* [What you have to do]:
Each of the records that follow needs an exact reproduction.
--- START ---
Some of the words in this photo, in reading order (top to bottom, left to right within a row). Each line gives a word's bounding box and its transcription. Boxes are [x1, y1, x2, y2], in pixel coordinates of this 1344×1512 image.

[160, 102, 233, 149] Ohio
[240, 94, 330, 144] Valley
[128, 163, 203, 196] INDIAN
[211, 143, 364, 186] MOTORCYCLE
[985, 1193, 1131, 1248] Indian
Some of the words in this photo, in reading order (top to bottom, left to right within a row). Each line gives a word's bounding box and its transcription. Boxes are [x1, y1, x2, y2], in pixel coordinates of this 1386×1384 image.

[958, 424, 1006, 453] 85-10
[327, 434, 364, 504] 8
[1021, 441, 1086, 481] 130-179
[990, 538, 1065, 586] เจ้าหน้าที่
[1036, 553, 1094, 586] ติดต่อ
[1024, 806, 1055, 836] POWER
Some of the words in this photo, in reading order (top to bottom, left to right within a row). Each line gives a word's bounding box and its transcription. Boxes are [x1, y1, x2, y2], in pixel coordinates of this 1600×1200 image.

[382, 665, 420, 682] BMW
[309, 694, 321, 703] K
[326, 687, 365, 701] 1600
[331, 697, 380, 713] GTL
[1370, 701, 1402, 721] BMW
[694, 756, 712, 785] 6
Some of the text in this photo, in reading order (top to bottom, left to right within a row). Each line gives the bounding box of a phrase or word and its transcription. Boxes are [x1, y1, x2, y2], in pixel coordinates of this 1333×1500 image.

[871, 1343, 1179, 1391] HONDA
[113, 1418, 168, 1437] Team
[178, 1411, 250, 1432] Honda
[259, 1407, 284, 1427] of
--- END ---
* [Response box]:
Some of the words in this photo, in reading order (top to bottom, left to right within a row). Each line gives a word's bounding box and its transcription. Boxes are [x1, y1, x2, y2], in pixel coordinates of this 1344×1512 image.

[160, 102, 233, 149] Ohio
[240, 94, 330, 144] Valley
[128, 163, 203, 196] INDIAN
[211, 143, 364, 186] MOTORCYCLE
[985, 1193, 1131, 1248] Indian
Some of the words in this photo, in reading order (top to bottom, left to right within a row). Each line gives a word's bounding box and its transcription. Boxes are [x1, y1, x2, y2], in pixel coordinates of this 1386×1384 image.

[958, 424, 1006, 453] 85-10
[327, 434, 364, 504] 8
[1021, 441, 1086, 481] 130-179
[990, 538, 1065, 586] เจ้าหน้าที่
[1036, 553, 1094, 586] ติดต่อ
[1024, 806, 1055, 836] POWER
Some of the words in this photo, in reading order (top to bottom, left to right within a row). Each line gives a word's bounding box and its transcription. Boxes are [x1, y1, x2, y2], in pixel coordinates of this 1600×1200 image.

[382, 665, 420, 682] BMW
[309, 694, 321, 703] K
[326, 687, 365, 701] 1600
[331, 697, 380, 713] GTL
[1370, 701, 1402, 721] BMW
[694, 756, 712, 785] 6
Some of the text in this photo, in reading order (top to bottom, left to right within a row). Each line gives the bounding box of a phrase or word and its transcription. Boxes are [x1, y1, x2, y2], in pixel coordinates of this 1333×1500 image.

[871, 1343, 1179, 1391] HONDA
[113, 1418, 168, 1437] Team
[178, 1411, 250, 1432] Honda
[259, 1407, 284, 1427] of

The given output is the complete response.